ASSIGNED TASK = Beginning with the line containing "this 1280×1707 image." and ending at the last line of the records, transcribe each line exactly. Do not include pictures.

Text-to-region grounding data
--- START ---

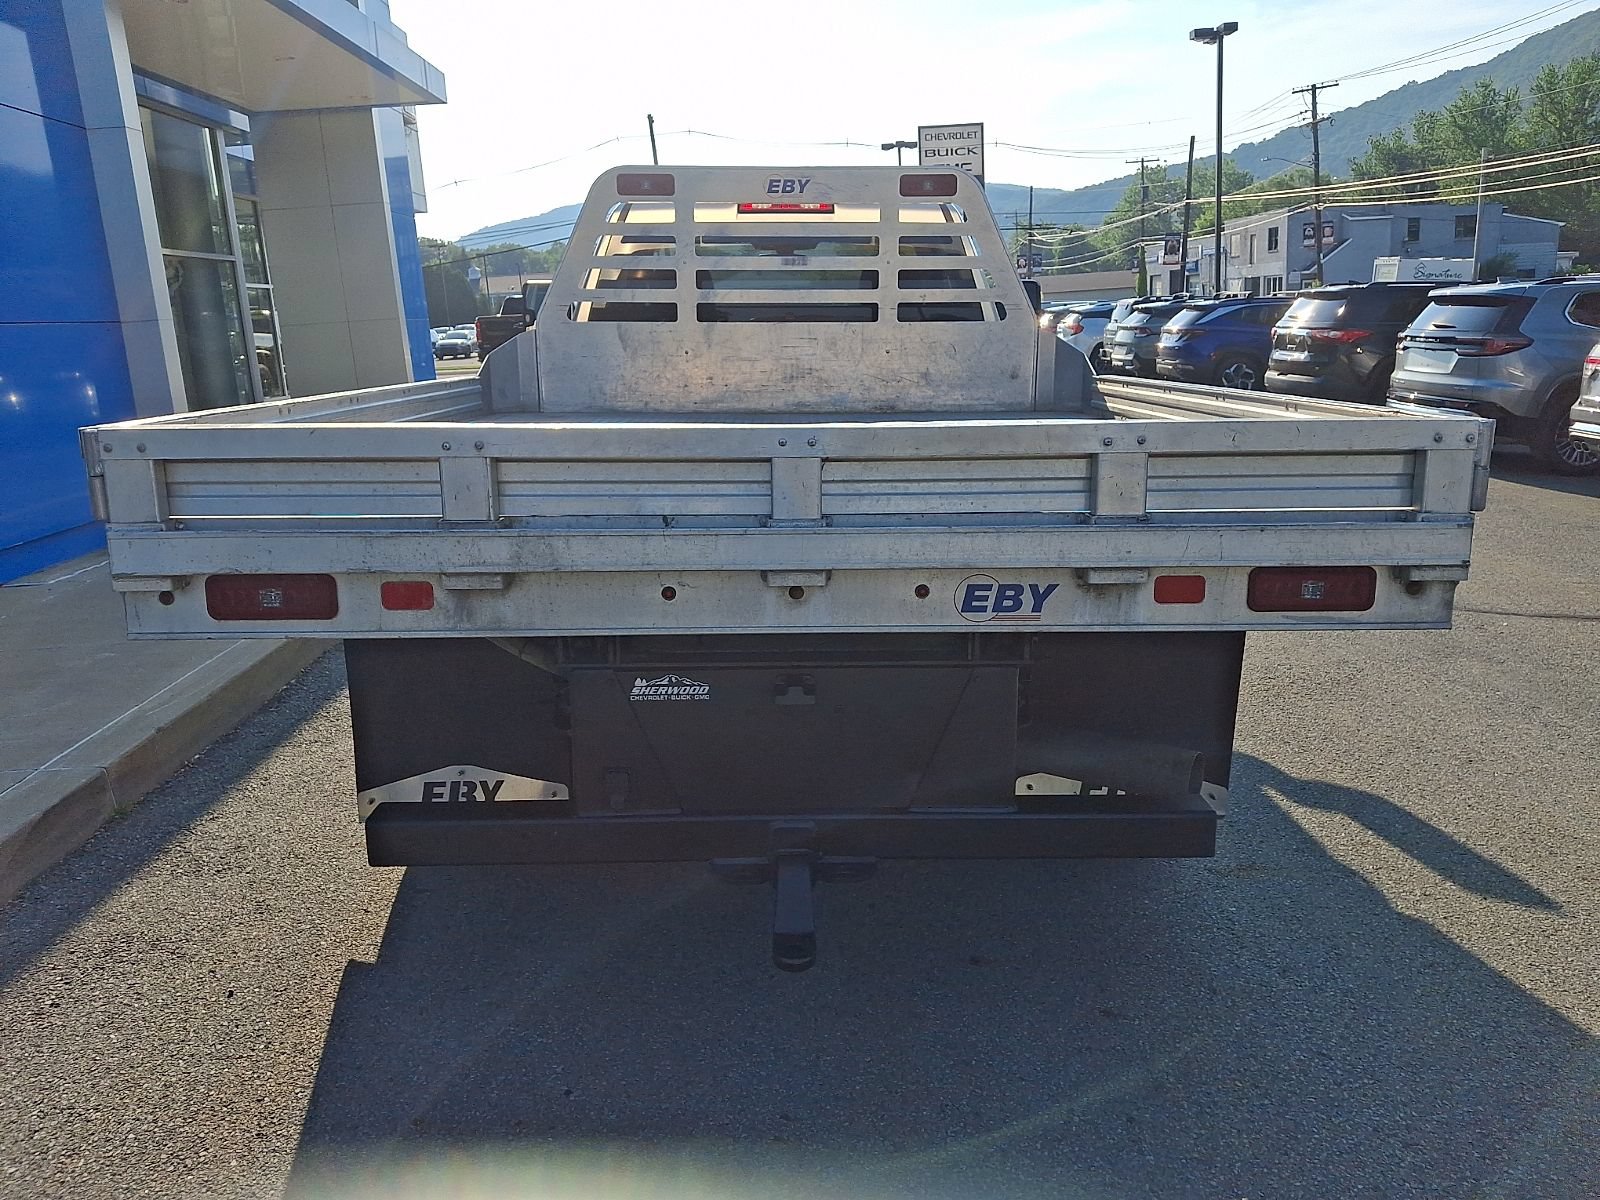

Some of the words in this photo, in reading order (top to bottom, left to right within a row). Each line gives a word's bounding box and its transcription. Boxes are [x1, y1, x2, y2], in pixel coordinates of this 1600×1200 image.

[924, 131, 978, 141] CHEVROLET
[924, 147, 978, 157] BUICK
[767, 179, 811, 193] EBY
[1413, 262, 1462, 279] Signature
[961, 583, 1060, 613] EBY
[630, 686, 710, 695] SHERWOOD
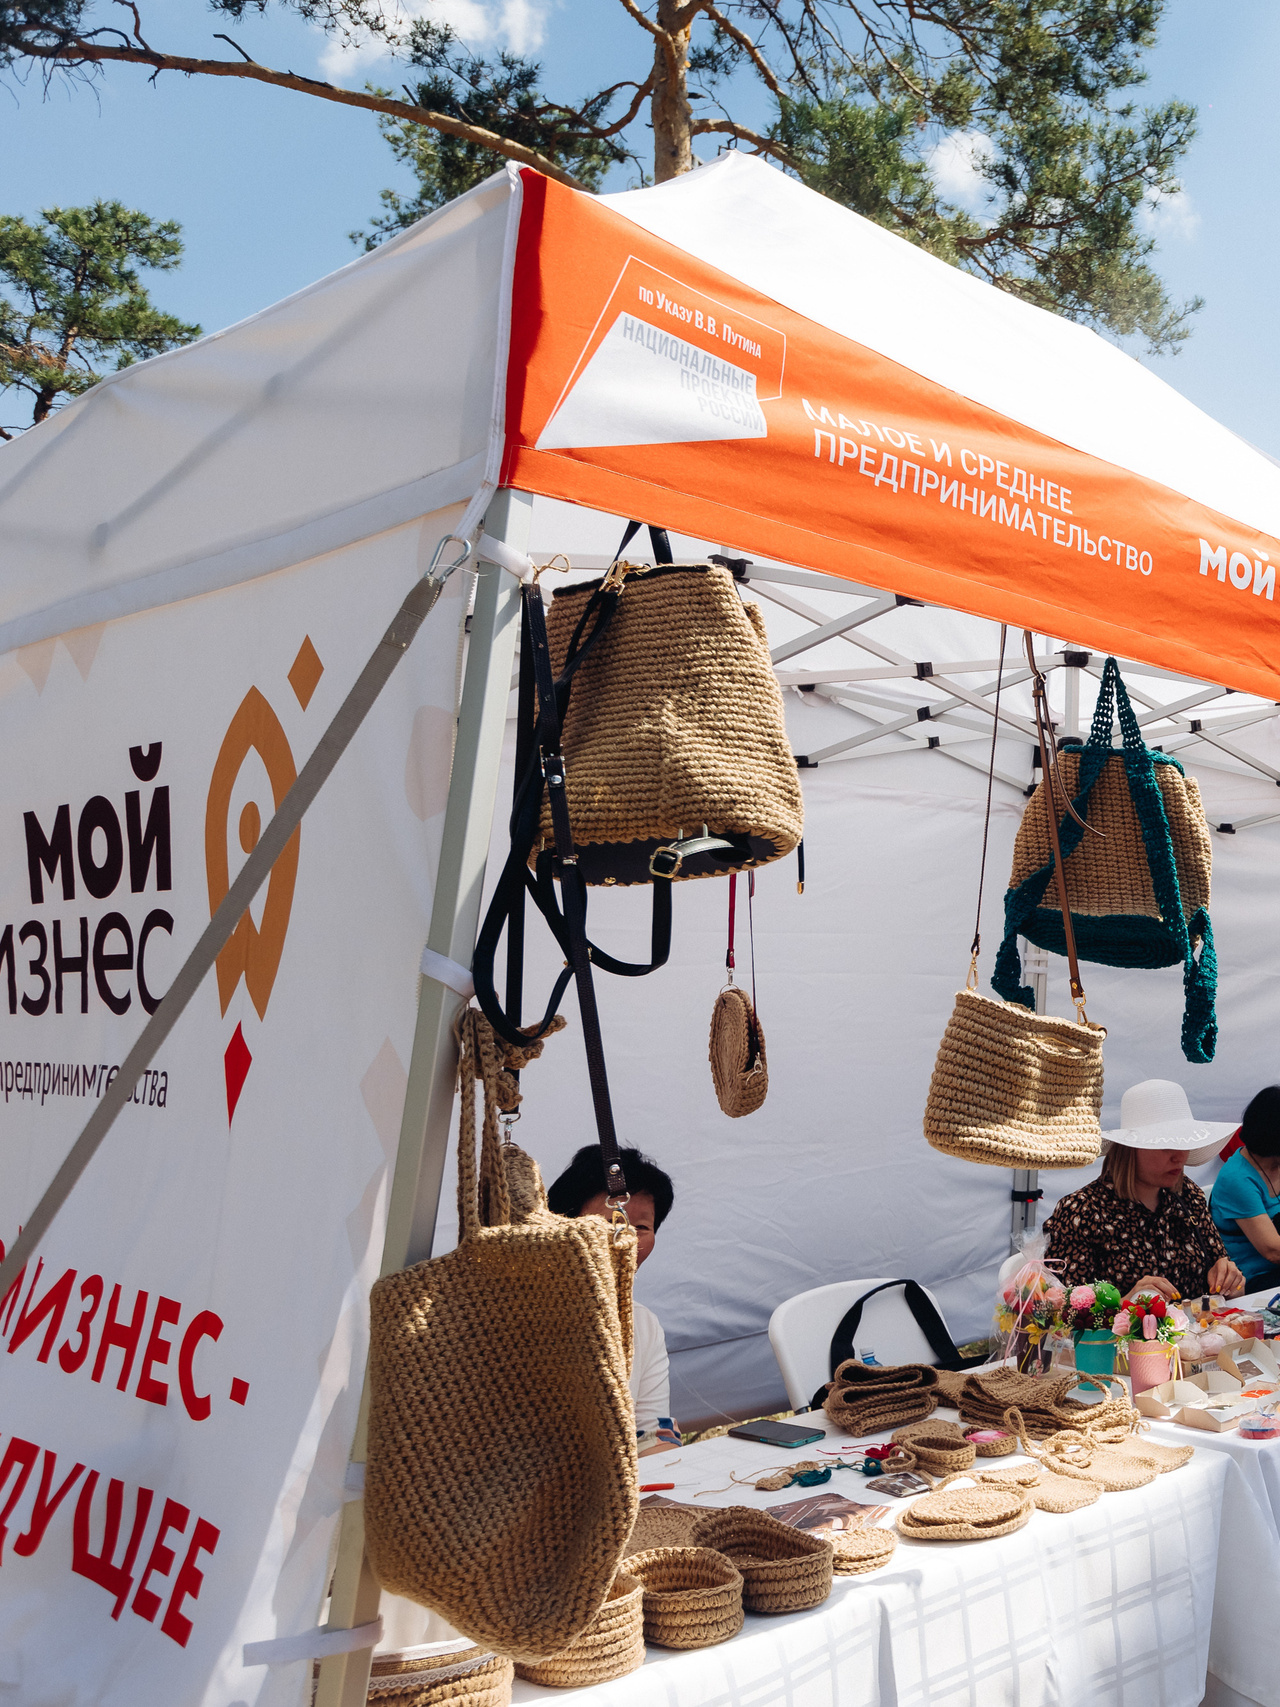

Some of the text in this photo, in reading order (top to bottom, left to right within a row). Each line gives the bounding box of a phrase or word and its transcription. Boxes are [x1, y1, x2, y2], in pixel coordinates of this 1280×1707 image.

[623, 316, 754, 396] НАЦИОНАЛЬНЫЕ
[697, 396, 764, 432] РОССИИ
[802, 398, 1073, 515] МАЛОЕ И СРЕДНЕЕ
[814, 428, 1153, 576] ПРЕДПРИНИМАТЕЛЬСТВО
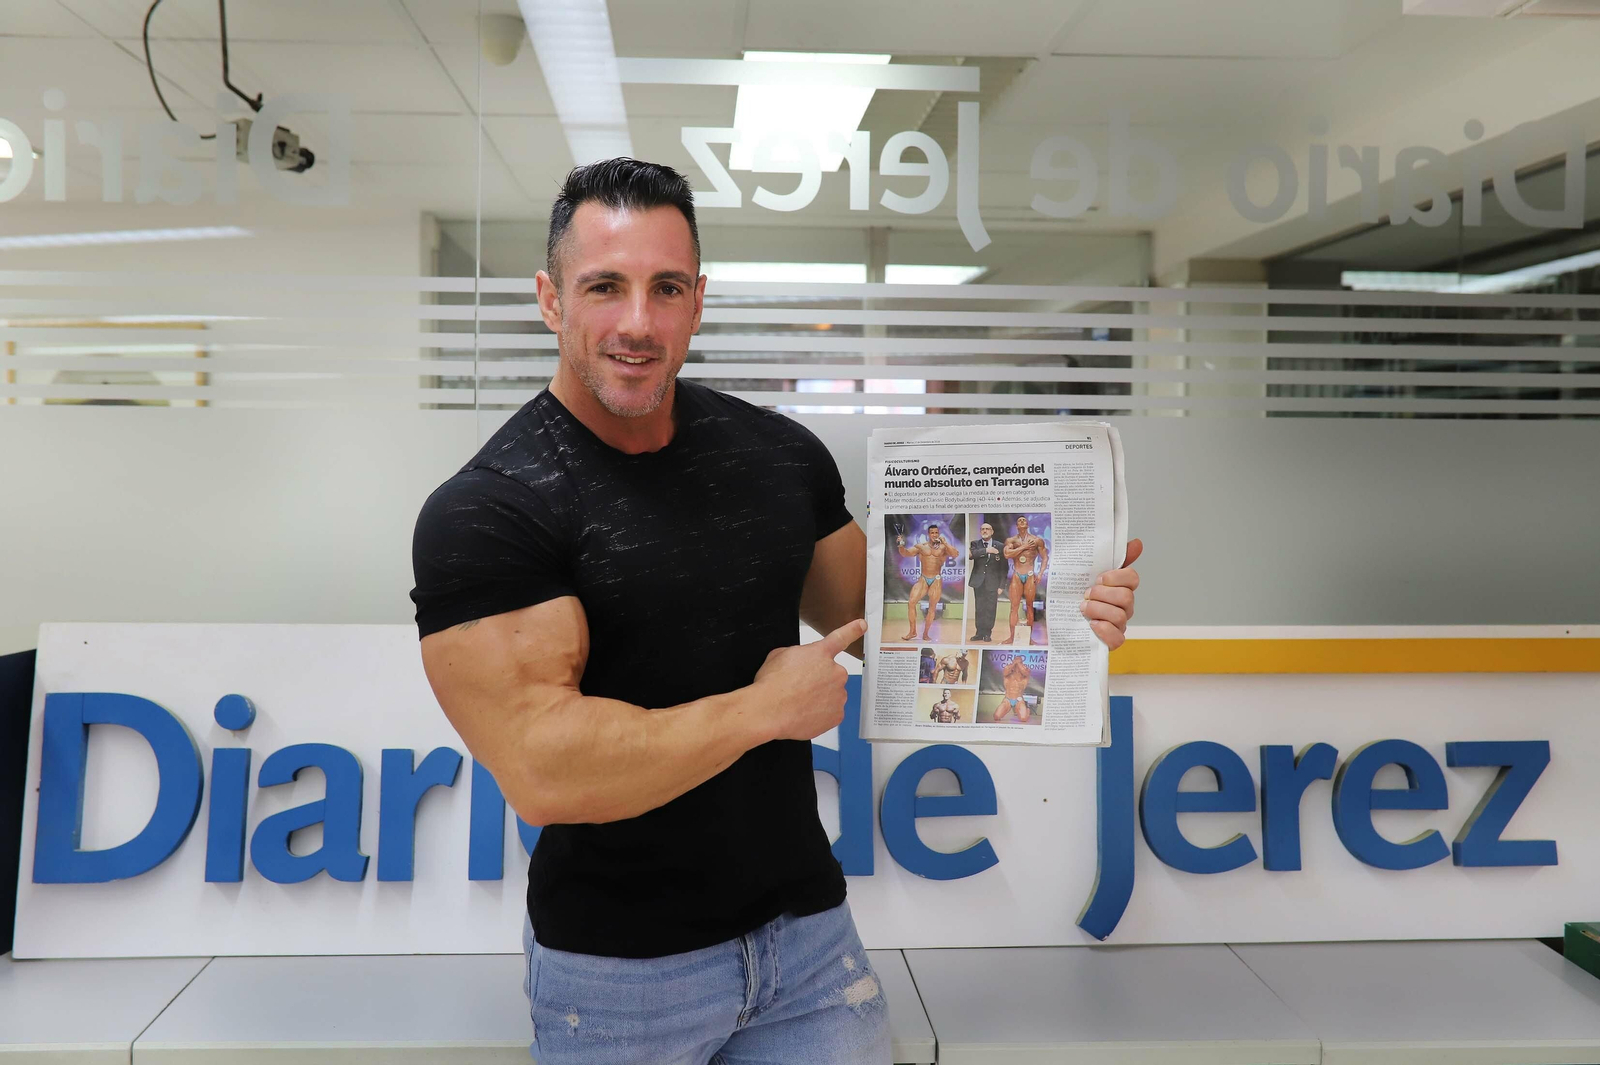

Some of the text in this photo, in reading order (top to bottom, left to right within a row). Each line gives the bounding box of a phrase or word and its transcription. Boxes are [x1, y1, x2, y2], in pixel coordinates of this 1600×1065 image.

--- END ---

TASK RESPONSE =
Some of the text in this photo, in reading order (top to bottom, left to right within a row). Each line gives the bounding box of a phrase or word and its transcription. Boxes are [x1, y1, x2, y2], in pixel coordinates of this 1280×1707 image.

[623, 316, 754, 396] НАЦИОНАЛЬНЫЕ
[697, 396, 764, 432] РОССИИ
[802, 398, 1073, 515] МАЛОЕ И СРЕДНЕЕ
[814, 428, 1153, 576] ПРЕДПРИНИМАТЕЛЬСТВО

Some of the text in this photo, in reading order (top to bottom, left to right within a row). Each line gives the bounding box of a phrase or word and its transcription. Boxes are [x1, y1, x2, y2], in pixel coordinates of this 1600×1065 image.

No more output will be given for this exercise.